Collected data:
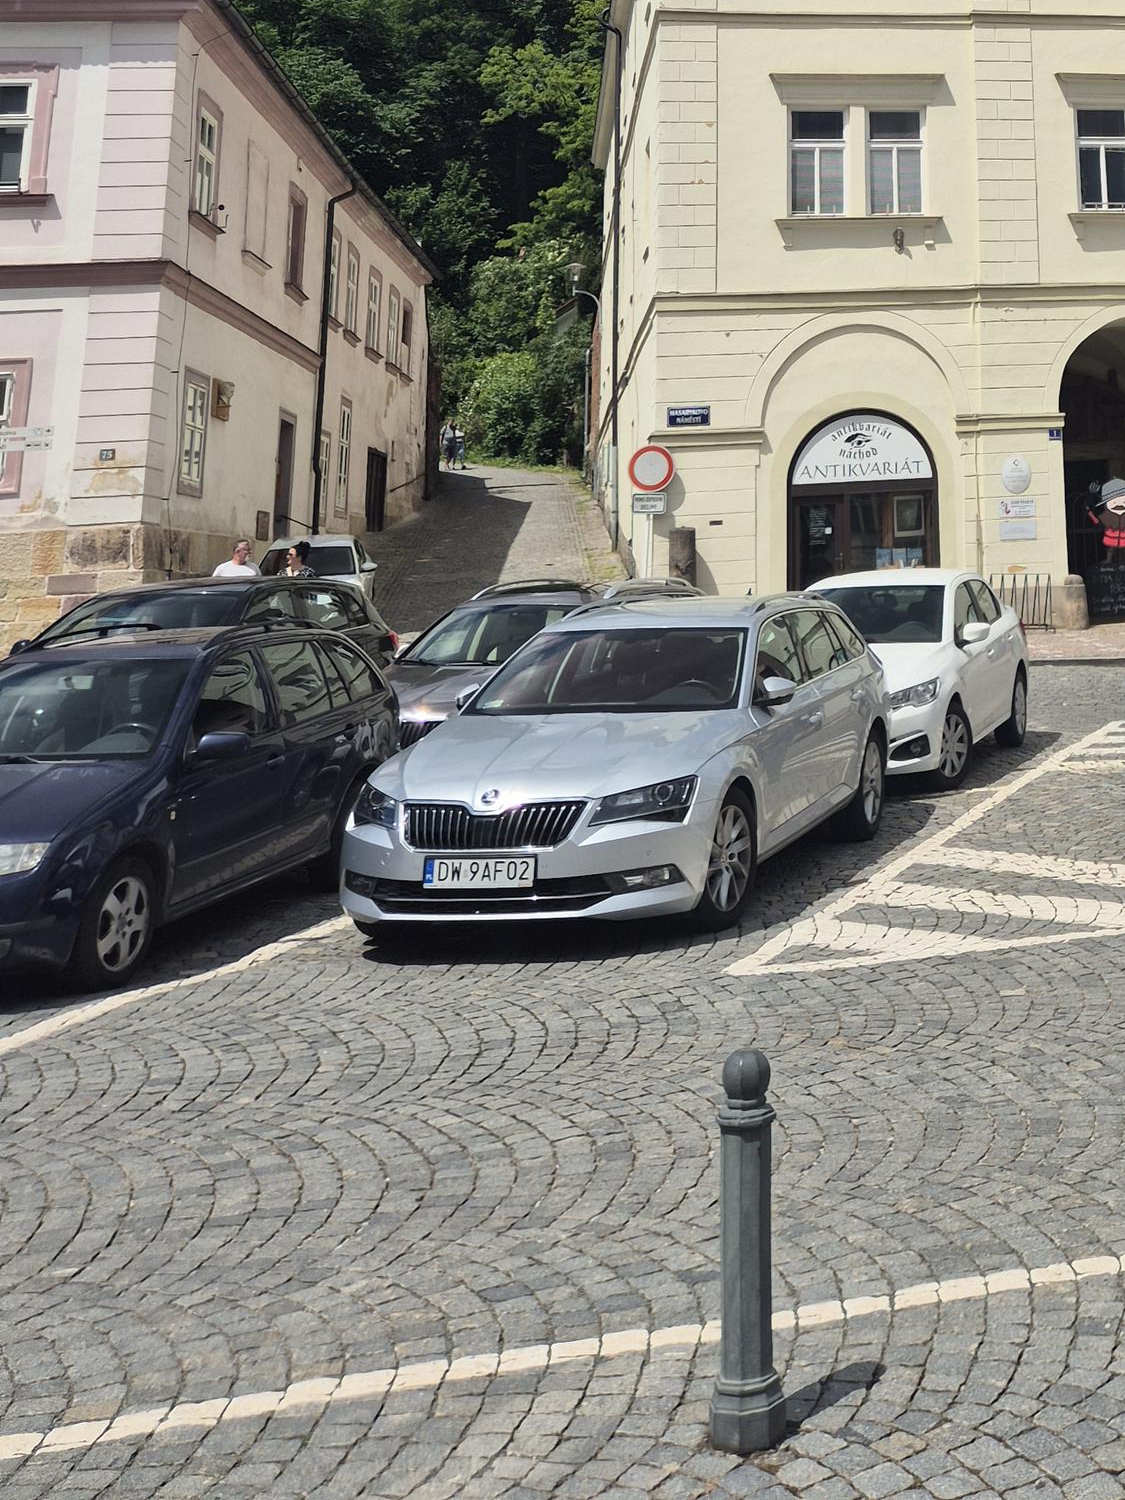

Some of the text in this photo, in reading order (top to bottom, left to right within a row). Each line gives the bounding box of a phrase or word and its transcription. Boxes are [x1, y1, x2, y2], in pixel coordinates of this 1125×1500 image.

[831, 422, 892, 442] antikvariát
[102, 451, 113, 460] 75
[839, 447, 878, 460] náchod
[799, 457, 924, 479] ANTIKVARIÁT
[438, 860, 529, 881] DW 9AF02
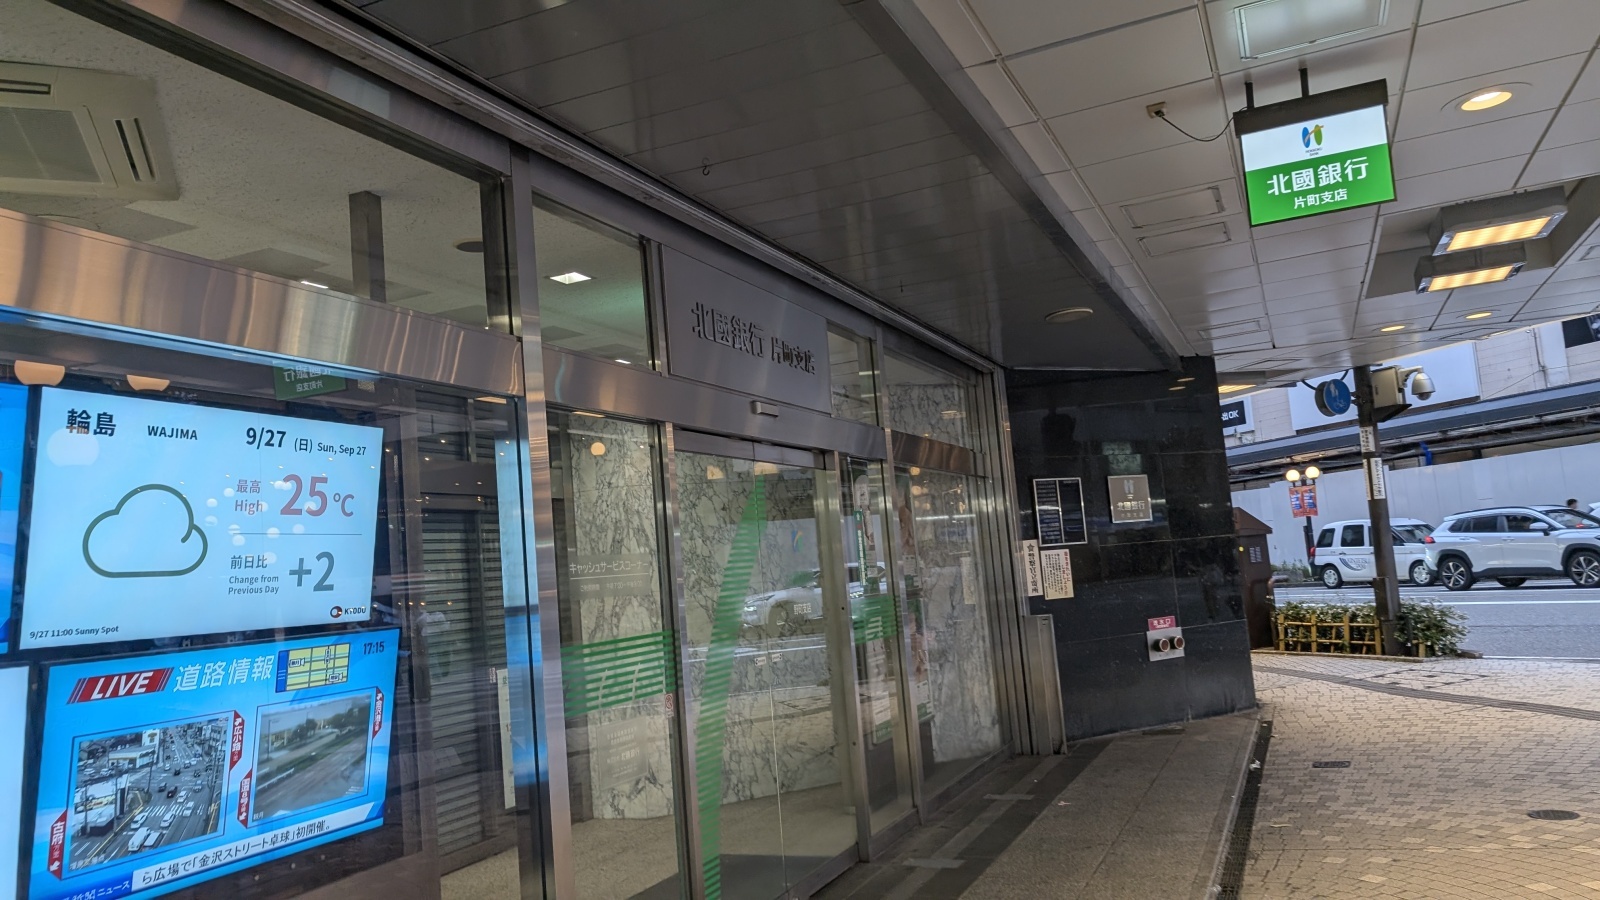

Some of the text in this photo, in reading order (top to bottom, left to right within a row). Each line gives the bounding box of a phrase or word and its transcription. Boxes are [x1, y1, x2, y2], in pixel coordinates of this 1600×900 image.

* [WHAT YOU SHOULD DO] Could you reproduce the records above exactly, leaving out every picture?

* [REPLY TO THE TASK]
Some of the text in this photo, in reading order (top to bottom, left to right within a row). Each line gives the bounding box of a phrase or word and its transcription. Boxes are [x1, y1, x2, y2], in pixel coordinates of this 1125×1500 image.

[831, 422, 892, 442] antikvariát
[102, 451, 113, 460] 75
[839, 447, 878, 460] náchod
[799, 457, 924, 479] ANTIKVARIÁT
[438, 860, 529, 881] DW 9AF02

Some of the text in this photo, in reading order (top to bottom, left to right within a row). Each line gives the bounding box of a phrase or word and its transcription. Boxes are [x1, y1, x2, y2], in pixel coordinates of this 1600×900 image.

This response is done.